Él movió el brazo en un gesto violento.
—¡Por todo!
—Bien… naturalmente, fue una desilusión lo del cúmulo de Virgo. Aun así, Norbert y yo… —Se detuvo poniéndose roja—. Aquí tenemos un problema fascinante, un verdadero desafío, y él ya ha hecho una propuesta brillante. —Inclinó la cabeza y miró a Freiwald—. Nunca te había visto tan deprimido. ¿Qué ha sido de ese feliz nietzchenismo tuyo?
—Hoy abandonamos la galaxia —dijo—. Para siempre.
—Pero, ya sabías…
—Sí. También sabía, sé, que debo morir algún día, y Jane también, lo que es aún peor. Pero eso no lo hace más fácil. ¿Crees que alguna vez nos detendremos? —le preguntó de pronto el enorme hombre rubio.
—No lo sé —le contestó Glassgold. Se puso de puntillas para palmearle en los hombros—. No fue fácil resignarme a esa posibilidad. Sin embargo, lo conseguí, gracias a la misericordia de Dios. Ahora puedo aceptar lo que vaya a suceder, y disfrutar de lo bueno que venga. Estoy segura de que puedes hacer lo mismo, Johann.
—Lo intento —dijo—. Está tan oscuro ahí fuera. Nunca pensé que yo, un adulto, volviese a tener miedo de la oscuridad.
El gran remolino de soles se contrajo y se hizo menos brillante a popa. Otro comenzó a aparecer lentamente por delante. En el visor aparecía como un objeto delicado, de esmerada belleza, como una tela enjoyada. Más allá, a su alrededor, aparecieron más, pequeños borrones y puntos de luz. Parecían monstruosamente lejanos y aislados, a pesar del encogimiento einsteniano del espacio a la velocidad de la Leonora Christine.
La velocidad seguía aumentando, no tan rápido como en las regiones que habían dejado atrás —allí la concentración de gas era de una cienmilésima de las cercanías del Sol—, pero lo suficiente para llevarla a la siguiente galaxia en unas semanas de su tiempo.
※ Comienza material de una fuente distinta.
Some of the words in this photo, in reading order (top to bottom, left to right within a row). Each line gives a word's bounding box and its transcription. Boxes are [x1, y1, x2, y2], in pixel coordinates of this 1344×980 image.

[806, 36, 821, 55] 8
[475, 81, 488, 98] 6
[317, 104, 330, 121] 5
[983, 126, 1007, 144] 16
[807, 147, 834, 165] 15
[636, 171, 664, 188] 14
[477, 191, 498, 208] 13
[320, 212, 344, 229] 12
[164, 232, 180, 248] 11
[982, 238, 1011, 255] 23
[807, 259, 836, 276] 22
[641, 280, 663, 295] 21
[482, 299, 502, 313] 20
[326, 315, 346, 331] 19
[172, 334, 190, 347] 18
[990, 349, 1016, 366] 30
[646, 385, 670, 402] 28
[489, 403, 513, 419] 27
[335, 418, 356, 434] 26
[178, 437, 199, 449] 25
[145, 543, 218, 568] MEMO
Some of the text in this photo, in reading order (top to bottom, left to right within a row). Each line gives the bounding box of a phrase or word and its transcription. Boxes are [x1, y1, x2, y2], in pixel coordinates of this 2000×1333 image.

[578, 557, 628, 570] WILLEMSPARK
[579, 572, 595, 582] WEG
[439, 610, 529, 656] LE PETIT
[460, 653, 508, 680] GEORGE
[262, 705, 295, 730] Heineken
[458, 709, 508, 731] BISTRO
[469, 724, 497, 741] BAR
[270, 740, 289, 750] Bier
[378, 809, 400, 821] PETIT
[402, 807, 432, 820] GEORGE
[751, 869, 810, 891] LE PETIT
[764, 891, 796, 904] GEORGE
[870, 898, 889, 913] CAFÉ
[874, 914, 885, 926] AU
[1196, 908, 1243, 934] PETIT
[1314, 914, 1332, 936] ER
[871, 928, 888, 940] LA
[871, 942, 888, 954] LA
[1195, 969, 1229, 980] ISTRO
No podrían obtenerse observaciones precisas sin mejoras radicales de la tecnología astronómica: una tarea a la que Nilsson y su equipo se entregaron con la intensidad de los fugitivos.
Realizó un descubrimiento al probar personalmente una unidad fotoconversora. Allí fuera había unas pocas estrellas. No sabía si perturbaciones caóticas las habían lanzado a la deriva fuera de sus galaxias de origen, muchos miles de millones de años atrás, o si de alguna forma desconocida se habían formado en aquellas regiones remotas. Por un azar grotescamente improbable, la nave pasó tan cerca de una que pudo identificarla —una vieja y apagada enana roja— y fue capaz de demostrar que tenía planetas, por lo poco que su aparato pudo ver antes de que el sistema fuese tragado por la distancia.
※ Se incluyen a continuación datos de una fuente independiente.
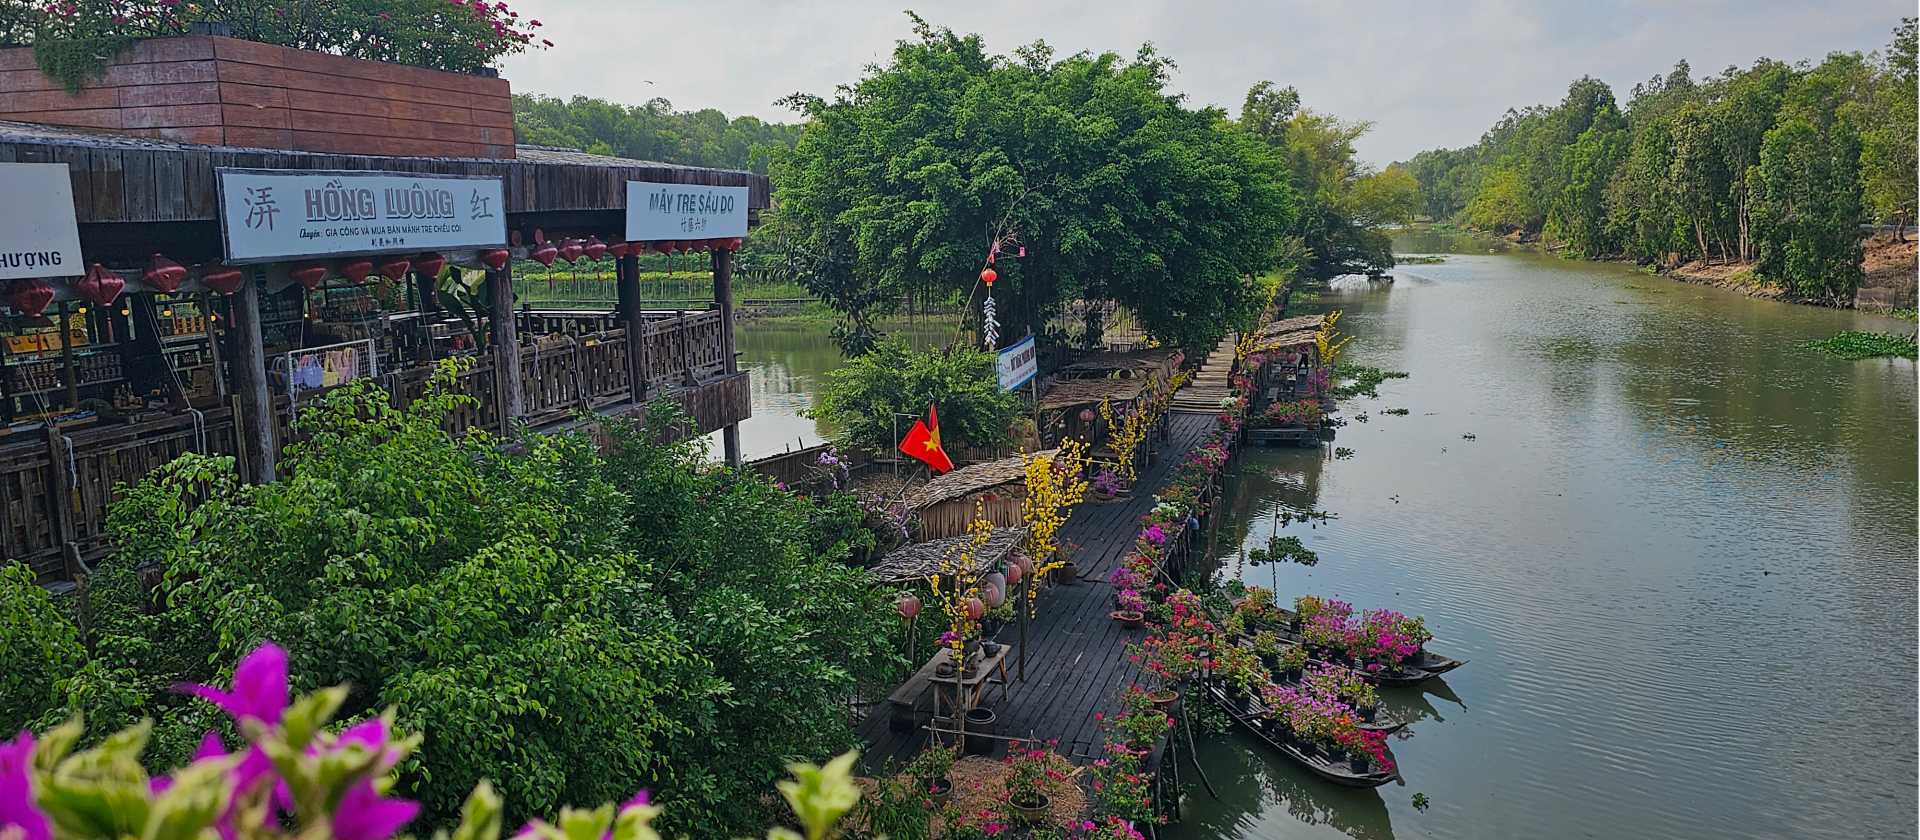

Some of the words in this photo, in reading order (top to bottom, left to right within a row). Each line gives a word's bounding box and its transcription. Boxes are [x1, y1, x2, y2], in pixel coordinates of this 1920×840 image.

Era una idea extraña, esos mundos helados y en sombras, muchas veces más viejos que la Tierra, quizás uno o dos con vida, y sin ninguna estrella que iluminase sus noches. Cuando se lo comentó a Lindgren, ella le dijo que no divulgase esa información.
Varios días más tarde, al volver del trabajo, abrió la puerta de su camarote y la encontró allí. Ella no se dio cuenta. Estaba sentada en la cama, de espaldas, con los ojos fijos en una foto familiar. La luz era poco intensa y la dejaba a oscuras, pero a su vez era tan fría que su pelo parecía blanco. Rasgueó el laúd y cantó… ¿para sí misma? No era la alegría de su amado Bellman. La lengua, de hecho, era danés. Después de unos momentos, Nilsson reconoció la letra, La canción de Gurre de Jacobsen, y la melodía que Schónberg había escrito para ella.
Se oyó la llamada del rey Valdemar a sus hombres, levantados de los ataúdes para seguirle en el viaje espectral que estaba condenado a realizar.
Comenzó a cantar los siguientes versos, el llanto de Valdemar por su amor perdido; pero titubeó y fue directamente a las palabras de sus hombres mientras amanecía.
—Eso me suena demasiado cercano, querida —le dijo Nilsson, después de un momento de silencio.
Ella miró a su alrededor. El cansancio era evidente en su rostro.